On July 27, 2009, we received a Cease and Desist Order from the Corps alleging violations of the Federal Clean Water Act for unauthorized land clearing and discharges of dredged or fill material into wetlands associated with the development of three gas wells in Bossier, Caddo, Red River Parishes in Louisiana. We are investigating these allegations and are unable at this time to estimate our potential exposure related to this matter. We could be required to pay a monetary penalty, undertake certain restoration or mitigation activities, and cease development of the subject wells until the matter is resolved. If we are required to cease development of these wells, it would delay and impact our ability to produce and sell gas from these wells.

 

Item 1A. Risk Factors

There have been no changes to the risk factors described in the Company’s annual report on Form 10-K, as amended, for the year ended December 31, 2008, other than those described below.

Estimates of proved oil and natural gas reserves are imprecise and any material inaccuracies in these reserve estimates will materially affect the quantities and the value of our reserves.

Our report on Form 10-K for the year ended December 31, 2008, as amended, contains estimates of our proved oil and natural gas reserves. These estimates are based upon various assumptions, including assumptions required by the SEC relating to oil and natural gas prices, drilling and operating expenses, capital expenditures, taxes and availability of funds. The process of estimating oil and natural gas reserves is complex. This process requires significant decisions and assumptions in the evaluation of available geological, geophysical, engineering and economic data for each reservoir. Therefore, these estimates are inherently imprecise.

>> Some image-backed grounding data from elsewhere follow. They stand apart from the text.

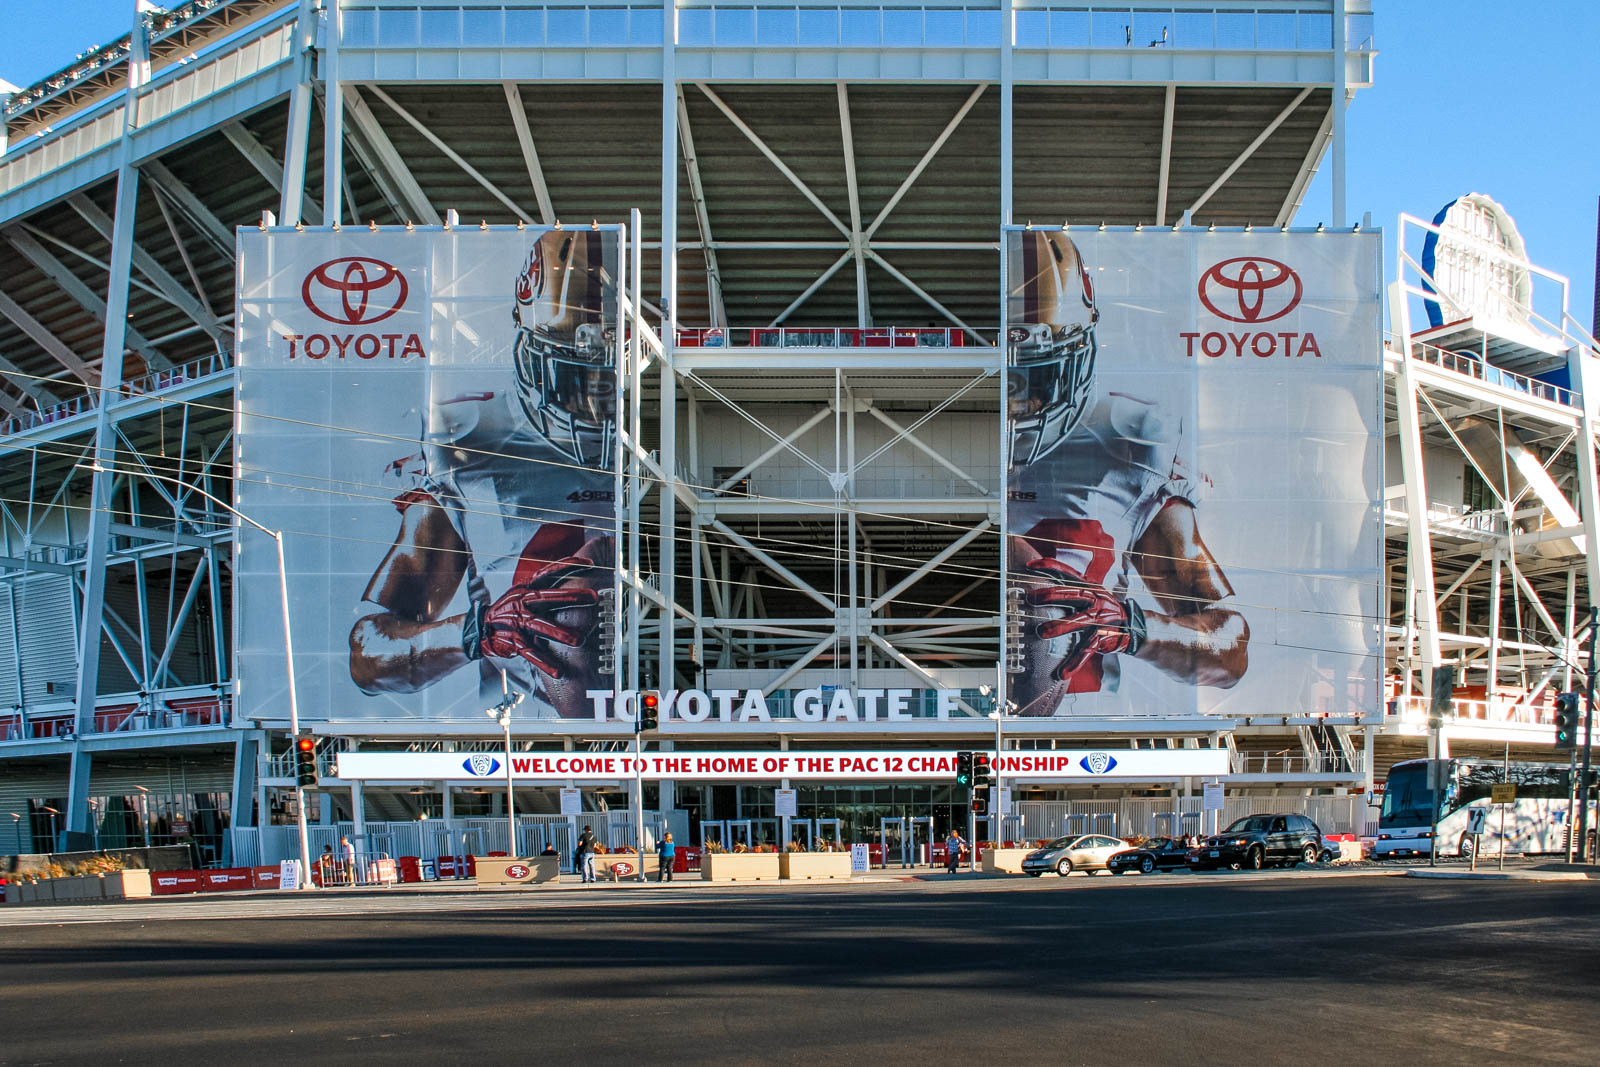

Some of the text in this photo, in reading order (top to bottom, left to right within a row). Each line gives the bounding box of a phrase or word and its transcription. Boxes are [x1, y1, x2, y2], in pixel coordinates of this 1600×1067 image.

[283, 333, 427, 360] TOYOTA
[1179, 331, 1322, 358] TOYOTA
[793, 689, 912, 722] GATE
[938, 689, 961, 722] F
[511, 757, 1069, 774] WELCOME TO THE HOME OF THE PAC 12 CHAONSHIP

Actual future production, oil and natural gas prices, revenues, taxes, development expenditures, operating expenses and quantities of recoverable oil and natural gas reserves will vary from those estimated. Any significant variance could materially affect the estimated quantities and the value of our reserves. Our properties may also be susceptible to hydrocarbon drainage from production by other operators on adjacent properties. In addition, we may adjust estimates of proved reserves to reflect production history, results of exploration and development, prevailing oil and natural gas prices and other factors, many of which are beyond our control.

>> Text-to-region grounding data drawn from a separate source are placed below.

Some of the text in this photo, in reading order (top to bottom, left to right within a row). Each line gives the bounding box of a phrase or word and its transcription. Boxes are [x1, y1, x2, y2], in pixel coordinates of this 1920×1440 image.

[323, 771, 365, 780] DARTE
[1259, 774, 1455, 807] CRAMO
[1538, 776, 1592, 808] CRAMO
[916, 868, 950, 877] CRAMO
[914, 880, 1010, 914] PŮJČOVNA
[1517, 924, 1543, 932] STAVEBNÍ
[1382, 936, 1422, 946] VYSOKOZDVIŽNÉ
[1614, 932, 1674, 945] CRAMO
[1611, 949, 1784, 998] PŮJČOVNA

At December 31, 2008, approximately 44% of our estimated reserves were classified as proved undeveloped. Recovery of proved undeveloped reserves requires significant capital expenditures and successful drilling operations. The reserve data assumes that we will make significant capital expenditures to develop our reserves. Although we have prepared estimates of these oil and natural gas reserves and the costs associated with development of these reserves in accordance with SEC regulations, actual capital expenditures will likely vary from estimated capital expenditures, development may not occur as scheduled and actual results may not be as estimated.

We may incur substantial costs to comply with, and demand for our products may be reduced by, climate change legislation and regulatory initiatives.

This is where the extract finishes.